- **PROBLEM DESCRIPTION**
The records below are to be restated word for word, with every picture left out.

+++

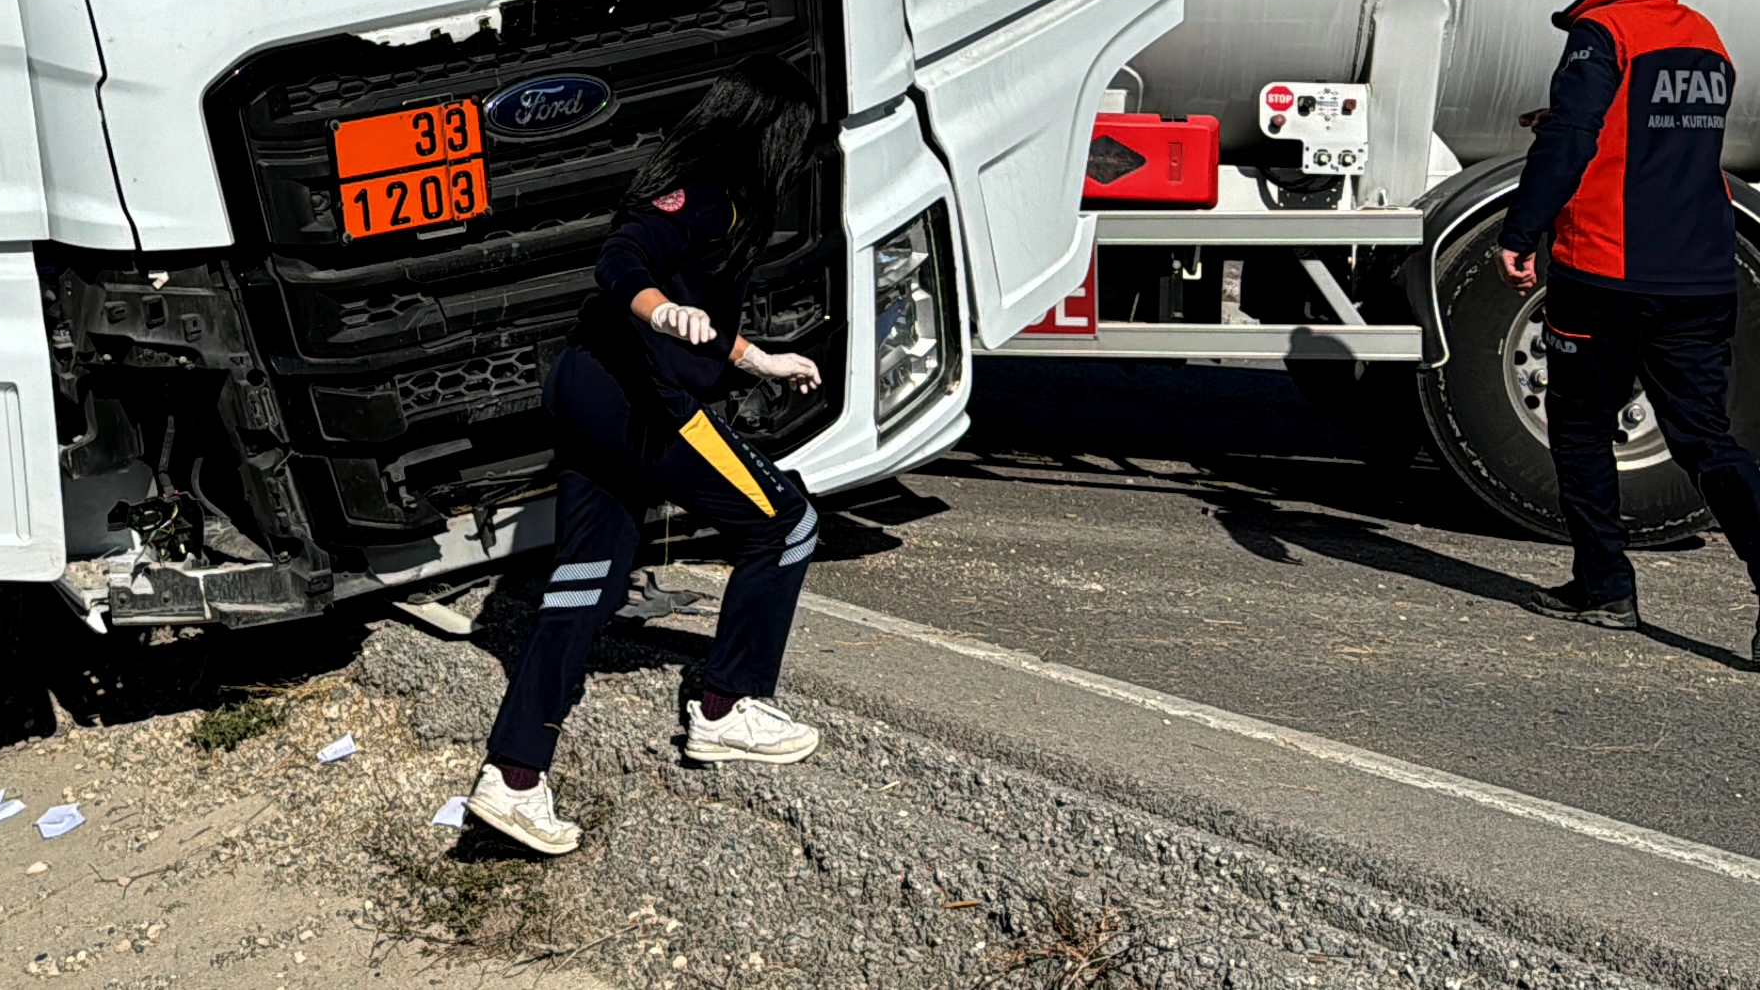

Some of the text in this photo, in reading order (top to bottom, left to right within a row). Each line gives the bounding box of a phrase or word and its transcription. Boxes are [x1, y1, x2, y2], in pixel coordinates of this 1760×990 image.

[515, 84, 585, 126] Ford
[1267, 93, 1293, 105] STOP
[1650, 69, 1728, 105] AFAD
[412, 107, 469, 157] 33
[1647, 114, 1676, 129] ARAMA
[353, 170, 476, 232] 1203

+++

- **ANSWER SPACE**
Some of the text in this photo, in reading order (top to bottom, left to right within a row). Each line gives the bounding box of a phrase or word and its transcription. Boxes are [x1, y1, x2, y2], in pixel coordinates of this 1760×990 image.

[515, 84, 585, 126] Ford
[1267, 93, 1293, 105] STOP
[1650, 69, 1728, 105] AFAD
[412, 107, 469, 157] 33
[1647, 114, 1676, 129] ARAMA
[353, 170, 476, 232] 1203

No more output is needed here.